What I Learned About Disability and Infanticide from Peter Singer, by Katie Booth

Illustration from A System of Midwifery, Including the Diseases of Pregnancy and the Puerperal State, 1875 by Leishman & Parry, public domain via Wikimedia Commons

In the 1970s, the Australian moral philosopher Peter Singer, perhaps best-known for his book Animal Liberation (1975), began to argue that it is ethical to give parents the option (in consultation with doctors) to euthanise infants with disabilities. He mostly, but not exclusively, discussed severe forms of disabilities such as spina bifida or anencephaly. In Practical Ethics (1979), Singer explains that the value of a life should be based on traits such as rationality, autonomy and self-consciousness. ‘Defective infants lack these characteristics,’ he wrote. ‘Killing them, therefore, cannot be equated with killing normal human beings, or any other self-conscious beings.’

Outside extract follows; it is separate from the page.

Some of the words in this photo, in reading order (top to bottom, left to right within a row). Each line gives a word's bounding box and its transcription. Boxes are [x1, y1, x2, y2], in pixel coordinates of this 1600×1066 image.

The thought of killing disabled babies is especially dangerous because the concept of disability often functions as a mere cloak, thrown over much uglier hatreds. In ‘Disability and the Justification of Inequality in American History’ (2001), the historian Douglas Baynton points out that African-American enslavement was justified through disability models: there was a supposition that African Americans suffered from a number of medical conditions that were understood to make them unable to care for themselves. Until 1973, homosexuality was a psychological disorder justified in the Diagnostic and Statistical Manual of Mental Disorders; the current edition, the DSM-5, still considers transgender people disabled.

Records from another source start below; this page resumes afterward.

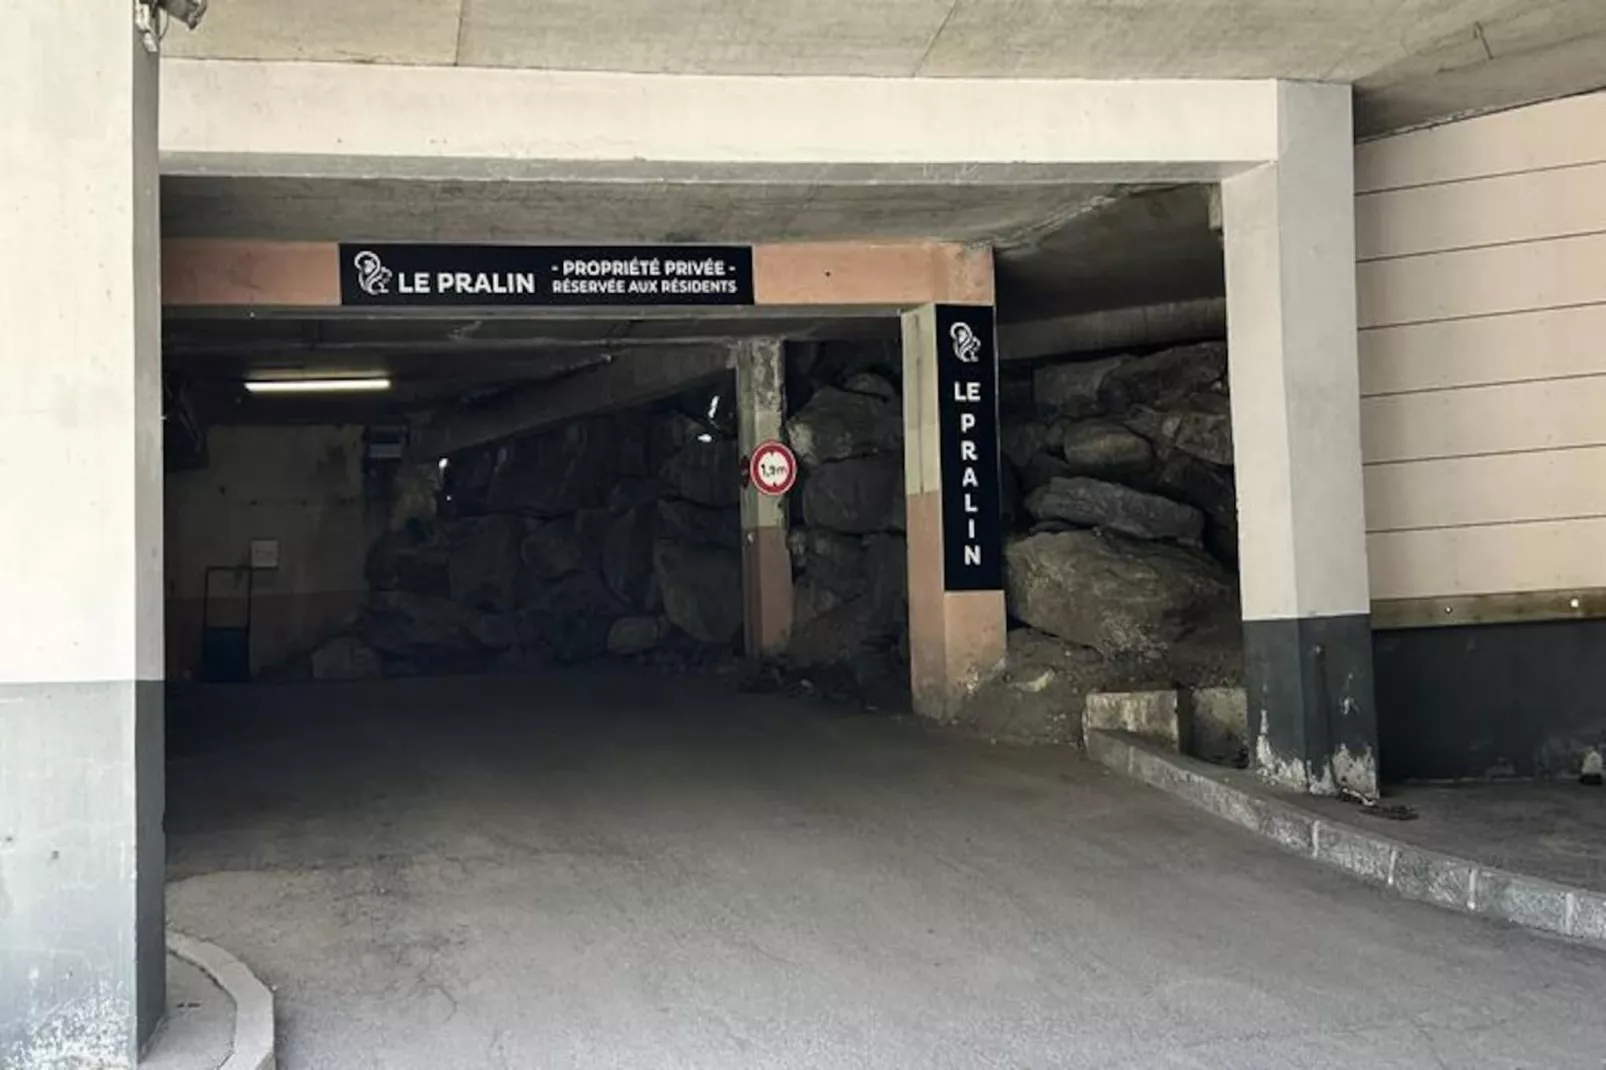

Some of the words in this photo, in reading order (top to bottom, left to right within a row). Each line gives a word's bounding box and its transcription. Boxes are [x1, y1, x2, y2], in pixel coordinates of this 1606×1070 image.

[562, 257, 661, 276] PROPRIÉTÉ
[664, 257, 726, 276] PRIVÉE
[398, 272, 430, 294] LE
[437, 272, 535, 294] PRALIN
[552, 277, 626, 294] RÉSERVÉE
[628, 279, 658, 294] AUX
[661, 277, 738, 294] RÉSIDENTS
[954, 381, 981, 402] LE
[960, 413, 981, 566] PRALIN

Singer generally frames severe physical disabilities through a medical lens. His ideas chafe against models of the disabled as a minority group. To Singer, severe disability is more a problem to be solved than a difference to be embraced and accommodated.

For years, I thought Singer was morally bankrupt. I grew up in a family with hereditary deafness, and though deafness is far from the type of disability that Singer was focusing on (with some arguing that it’s not a disability at all), I still recognised an idea that the disability community has faced for centuries: that people with disabilities are fundamentally less entitled to their rights – even their lives. Singer’s ideas stood in opposition to my core belief that the disabled body is created largely through a lack of accommodation, and that people with disabilities are different perhaps, but not less.

While most of Singer’s other writings seemed so thoughtful, so compassionate, his writings on disabled children seemed to be approaching the slippery slope toward ethnocide – the intentional and systematic destruction of cultures, like the Deaf culture that my own family embraced. I had never been able to shake what he was saying about the disabled – and I wanted to know more: what he thought today; if his ideas had ever shifted; and, mostly, how he could believe so strongly in something that seemed so out of sync with his reverence for life.

This past winter, I reached out to Singer to learn more.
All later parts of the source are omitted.